Effect of time delay on feedback control of a flashing ratchet
E. M. Craig, B. R. Long, J. M. R. Parrondo, and H. Linke

TL;DR
This study explores how time delays in feedback control affect the efficiency of a collective flashing ratchet, revealing that delays can both enhance or diminish performance depending on ensemble size, with implications for experimental applications.
Contribution
It demonstrates that appropriate delay times can improve ratchet performance by inducing synchronization, and clarifies the impact of delays on small versus large ensembles.
Findings
Large ensembles benefit from delay-induced synchronization.
Small ensembles see reduced feedback benefits due to information decay.

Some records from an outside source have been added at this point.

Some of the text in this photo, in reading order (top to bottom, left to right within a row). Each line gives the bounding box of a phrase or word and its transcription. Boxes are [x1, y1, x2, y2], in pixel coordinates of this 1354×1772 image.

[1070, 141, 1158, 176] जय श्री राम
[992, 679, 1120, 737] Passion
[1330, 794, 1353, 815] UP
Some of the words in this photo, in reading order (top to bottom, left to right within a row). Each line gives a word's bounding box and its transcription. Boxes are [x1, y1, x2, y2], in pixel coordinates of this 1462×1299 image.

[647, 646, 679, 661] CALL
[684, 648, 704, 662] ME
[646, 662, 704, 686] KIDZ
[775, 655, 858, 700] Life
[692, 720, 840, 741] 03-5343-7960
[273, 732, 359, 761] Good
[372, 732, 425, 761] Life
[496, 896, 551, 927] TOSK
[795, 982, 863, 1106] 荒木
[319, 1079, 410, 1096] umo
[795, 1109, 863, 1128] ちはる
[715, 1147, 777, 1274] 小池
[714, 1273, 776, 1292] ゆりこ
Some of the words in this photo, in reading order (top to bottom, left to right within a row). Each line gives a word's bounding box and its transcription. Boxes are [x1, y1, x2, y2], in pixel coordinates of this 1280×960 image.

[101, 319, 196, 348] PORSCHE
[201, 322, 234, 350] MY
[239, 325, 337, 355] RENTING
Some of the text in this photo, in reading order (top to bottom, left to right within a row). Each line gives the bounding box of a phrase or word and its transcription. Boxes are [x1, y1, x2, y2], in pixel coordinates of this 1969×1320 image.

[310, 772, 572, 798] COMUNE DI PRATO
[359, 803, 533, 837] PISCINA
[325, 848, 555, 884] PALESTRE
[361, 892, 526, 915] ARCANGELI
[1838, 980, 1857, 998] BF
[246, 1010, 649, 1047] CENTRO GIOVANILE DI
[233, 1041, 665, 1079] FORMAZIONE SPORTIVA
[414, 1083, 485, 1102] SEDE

Experimental feedback control is feasible with proper delay management.
Abstract
It was recently shown that the use of feedback control can improve the performance of a flashing ratchet. We investigate the effect of a time delay in the implementation of feedback control in a closed-loop collective flashing ratchet, using Langevin dynamics simulations. Surprisingly, for a large ensemble, a well-chosen delay time improves the ratchet performance by allowing the system to synchronize into a quasi-periodic stable mode of oscillation that reproduces the optimal average velocity for a periodically flashing ratchet. For a small ensemble, on the other hand, finite delay times significantly reduce the benefit of feedback control for the time-averaged velocity, because the relevance of information decays on a time scale set by the diffusion time of the particles. Based on these results, we establish that experimental use of feedback control is realistic.